**Exercise directions:** Set down each of the records below exactly as it reads. No pictures go into the copy.

**Records for the exercise:**
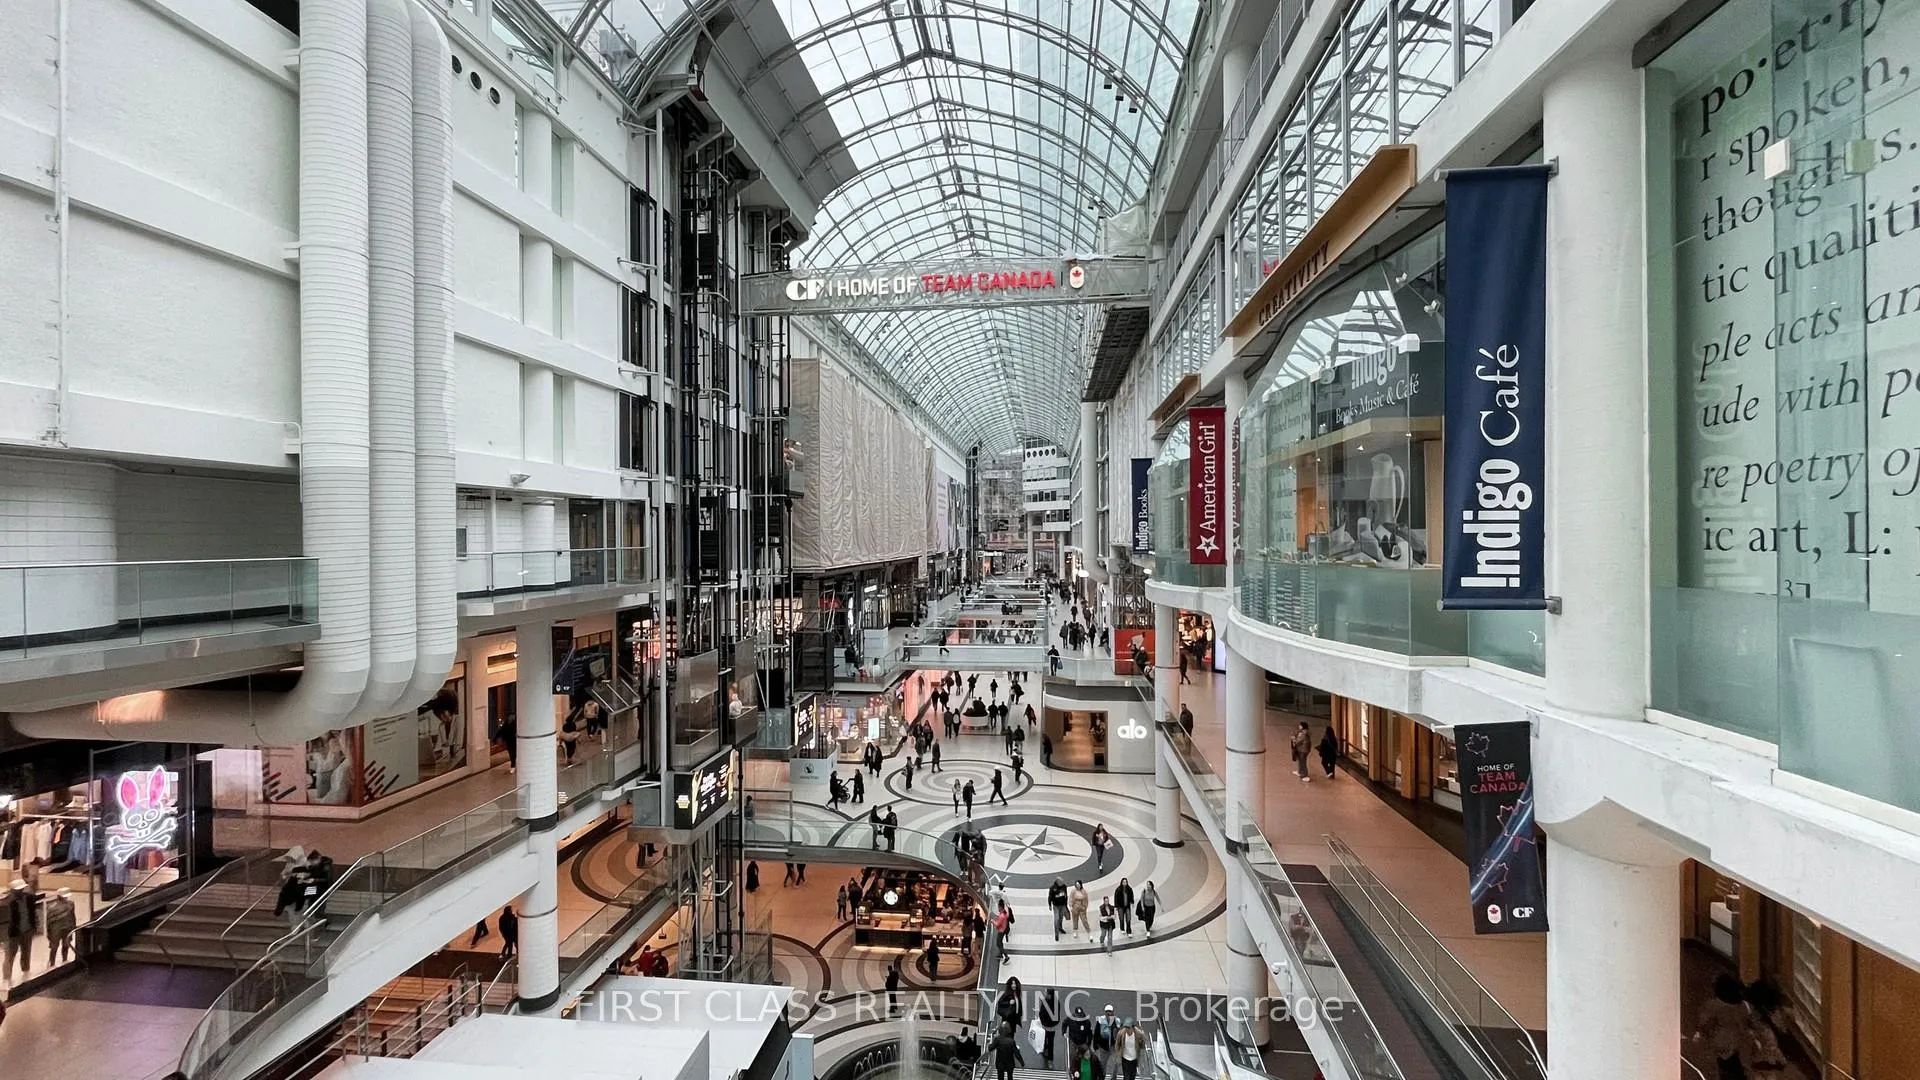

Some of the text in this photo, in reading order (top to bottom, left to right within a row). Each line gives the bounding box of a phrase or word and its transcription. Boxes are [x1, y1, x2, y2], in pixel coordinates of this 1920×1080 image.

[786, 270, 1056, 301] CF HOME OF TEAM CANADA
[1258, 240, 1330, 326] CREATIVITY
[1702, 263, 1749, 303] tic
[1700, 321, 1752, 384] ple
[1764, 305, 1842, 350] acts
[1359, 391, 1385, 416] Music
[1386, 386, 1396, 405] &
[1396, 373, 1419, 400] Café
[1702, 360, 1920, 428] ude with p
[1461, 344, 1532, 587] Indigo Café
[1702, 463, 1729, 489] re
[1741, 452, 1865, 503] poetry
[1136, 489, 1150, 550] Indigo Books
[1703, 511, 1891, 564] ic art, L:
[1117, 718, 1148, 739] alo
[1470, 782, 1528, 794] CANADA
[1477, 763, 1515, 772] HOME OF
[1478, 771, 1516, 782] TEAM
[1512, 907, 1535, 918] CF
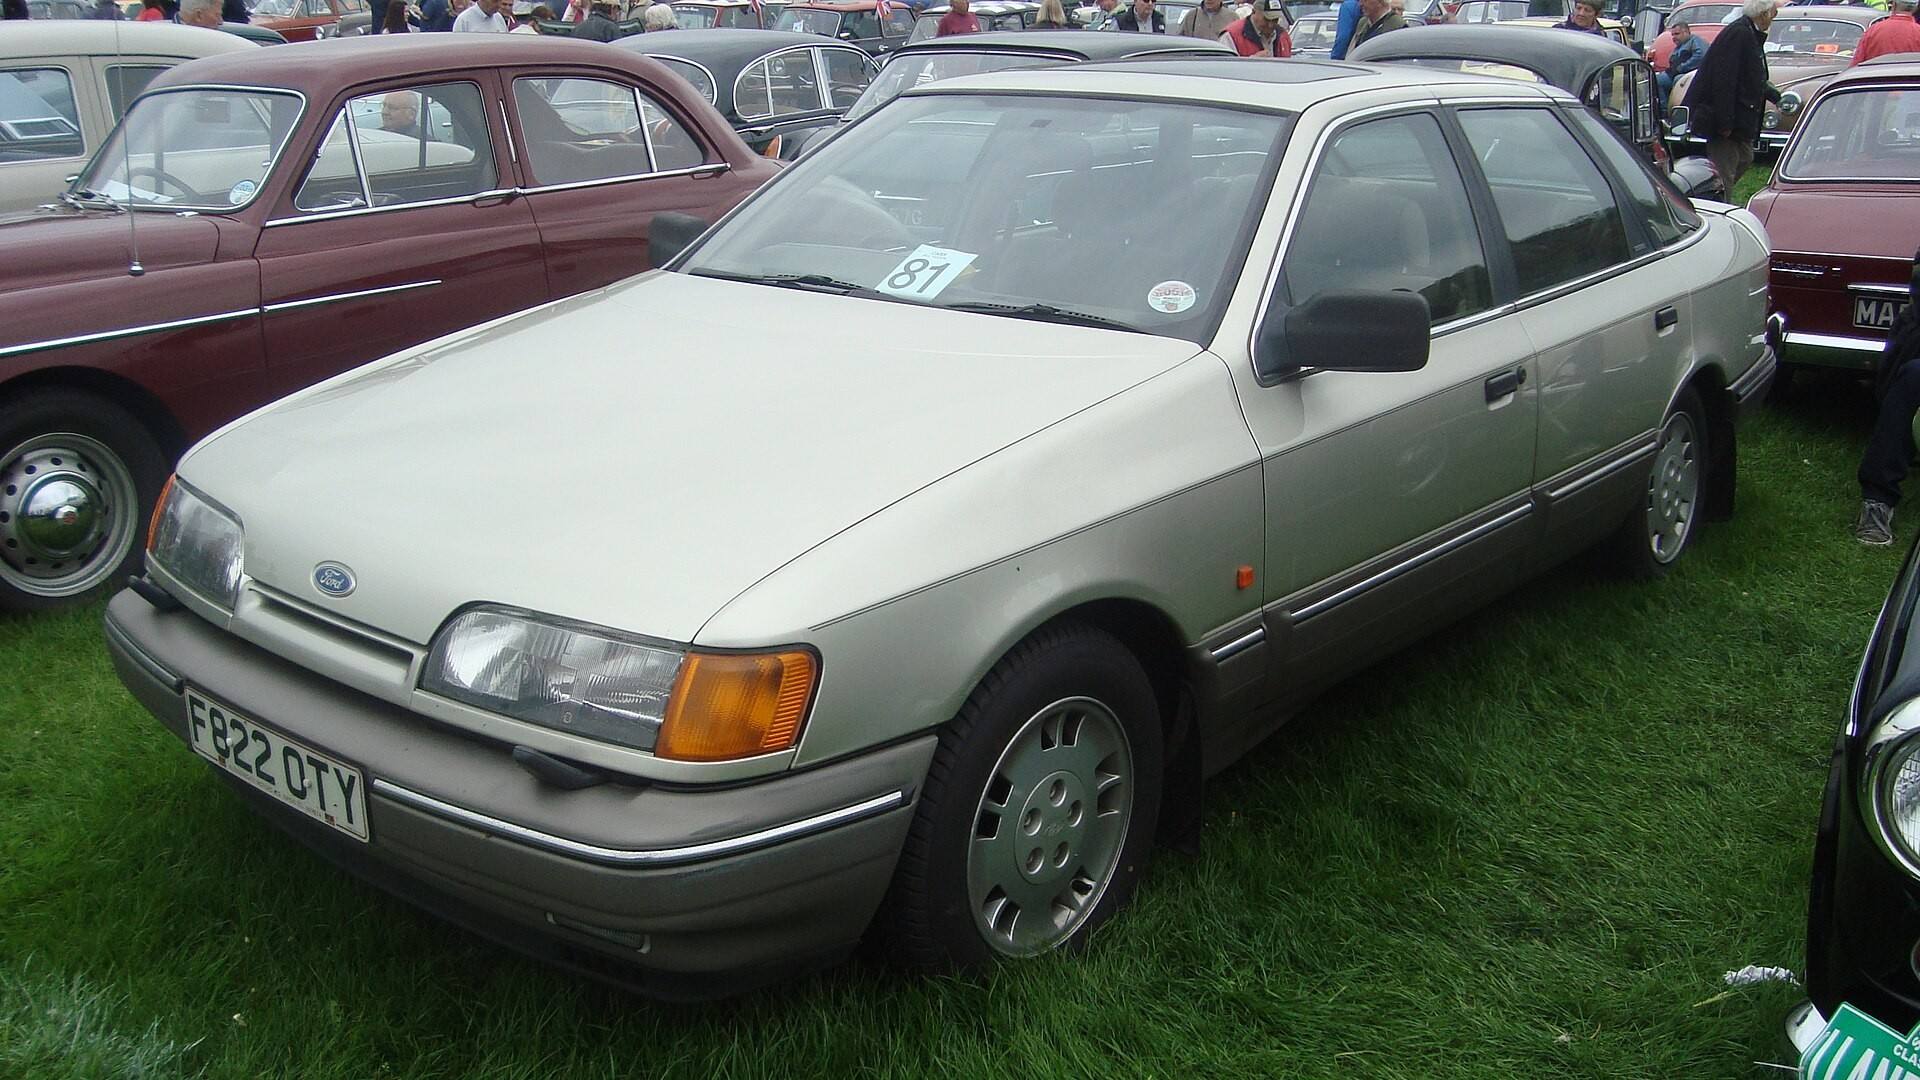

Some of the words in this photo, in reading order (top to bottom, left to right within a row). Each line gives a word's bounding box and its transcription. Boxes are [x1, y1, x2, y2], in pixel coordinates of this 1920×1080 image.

**Your response:**
Some of the text in this photo, in reading order (top to bottom, left to right within a row). Each line gives the bounding box of a phrase or word and its transcription. Boxes are [x1, y1, x2, y2], in pixel coordinates of this 1920×1080 image.

[786, 270, 1056, 301] CF HOME OF TEAM CANADA
[1258, 240, 1330, 326] CREATIVITY
[1702, 263, 1749, 303] tic
[1700, 321, 1752, 384] ple
[1764, 305, 1842, 350] acts
[1359, 391, 1385, 416] Music
[1386, 386, 1396, 405] &
[1396, 373, 1419, 400] Café
[1702, 360, 1920, 428] ude with p
[1461, 344, 1532, 587] Indigo Café
[1702, 463, 1729, 489] re
[1741, 452, 1865, 503] poetry
[1136, 489, 1150, 550] Indigo Books
[1703, 511, 1891, 564] ic art, L:
[1117, 718, 1148, 739] alo
[1470, 782, 1528, 794] CANADA
[1477, 763, 1515, 772] HOME OF
[1478, 771, 1516, 782] TEAM
[1512, 907, 1535, 918] CF

Some of the words in this photo, in reading order (top to bottom, left to right within a row). Each line gives a word's bounding box and its transcription. Boxes are [x1, y1, x2, y2], in pixel coordinates of this 1920×1080 image.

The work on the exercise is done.